In collaboration with the Metal engineering team at Apple, we are excited to announce support for GPU-accelerated PyTorch training on Mac. Until now, PyTorch training on Mac only leveraged the CPU, but with the upcoming PyTorch v1.12 release, developers and researchers can take advantage of Apple silicon GPUs for significantly faster model training. This unlocks the ability to perform machine learning workflows like prototyping and fine-tuning locally, right on Mac.
Accelerated GPU training is enabled using Apple’s Metal Performance Shaders (MPS) as a backend for PyTorch. The MPS backend extends the PyTorch framework, providing scripts and capabilities to set up and run operations on Mac. MPS optimizes compute performance with kernels that are fine-tuned for the unique characteristics of each Metal GPU family. The new device maps machine learning computational graphs and primitives on the MPS Graph framework and tuned kernels provided by MPS.
Training Benefits on Apple Silicon
Every Apple silicon Mac has a unified memory architecture, providing the GPU with direct access to the full memory store. This makes Mac a great platform for machine learning, enabling users to train larger networks or batch sizes locally. This reduces costs associated with cloud-based development or the need for additional local GPUs. The Unified Memory architecture also reduces data retrieval latency, improving end-to-end performance.
In the graphs below, you can see the performance speedup from accelerated GPU training and evaluation compared to the CPU baseline:
Accelerated GPU training and evaluation speedups over CPU-only (times faster)
To get started, just install the latest Preview (Nightly) build on your Apple silicon Mac running macOS 12.3 or later with a native version (arm64) of Python.
You can also learn more about Metal and MPS on Apple’s Metal page.
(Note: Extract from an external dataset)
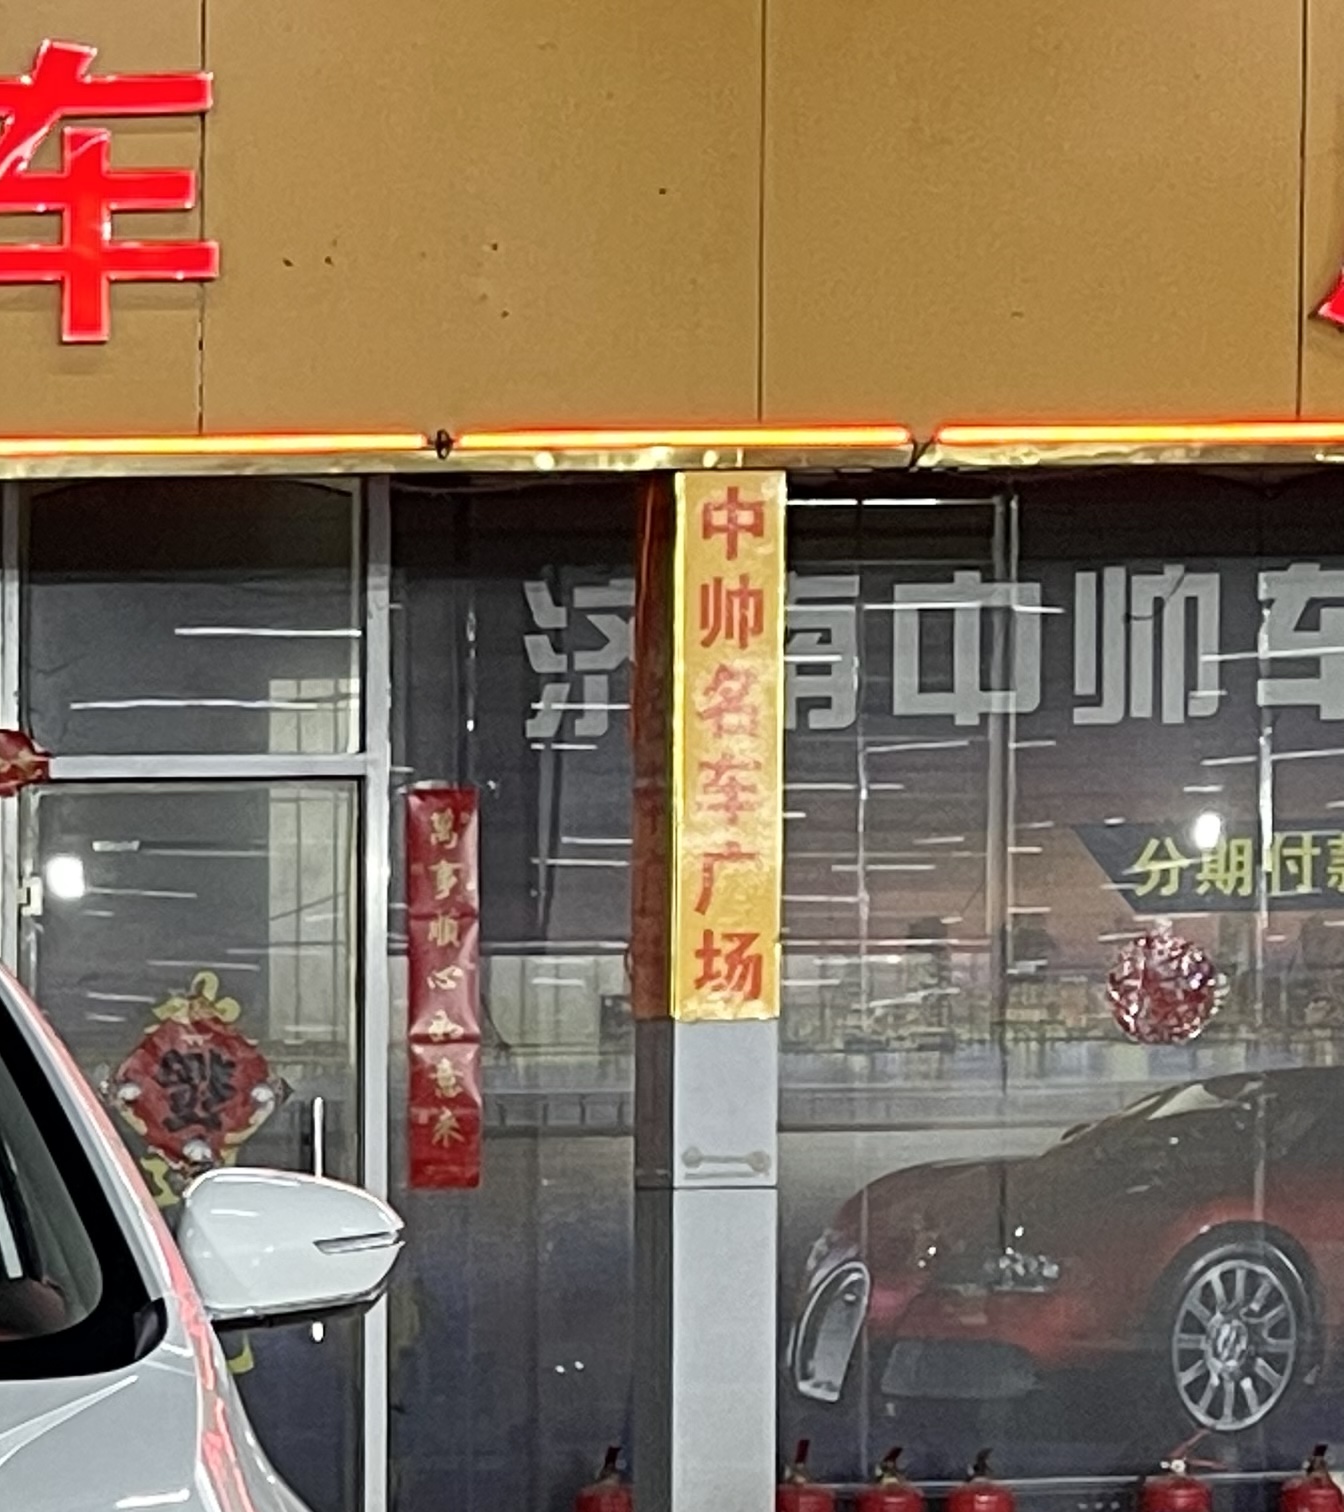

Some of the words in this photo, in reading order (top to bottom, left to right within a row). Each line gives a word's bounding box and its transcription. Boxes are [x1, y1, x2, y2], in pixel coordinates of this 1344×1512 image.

[692, 485, 766, 1003] 中帅名车广场
* Testing conducted by Apple in April 2022 using production Mac Studio systems with Apple M1 Ultra, 20-core CPU, 64-core GPU 128GB of RAM, and 2TB SSD. Tested with macOS Monterey 12.3, prerelease PyTorch 1.12, ResNet50 (batch size=128), HuggingFace BERT (batch size=64), and VGG16 (batch size=64). Performance tests are conducted using specific computer systems and reflect the approximate performance of Mac Studio.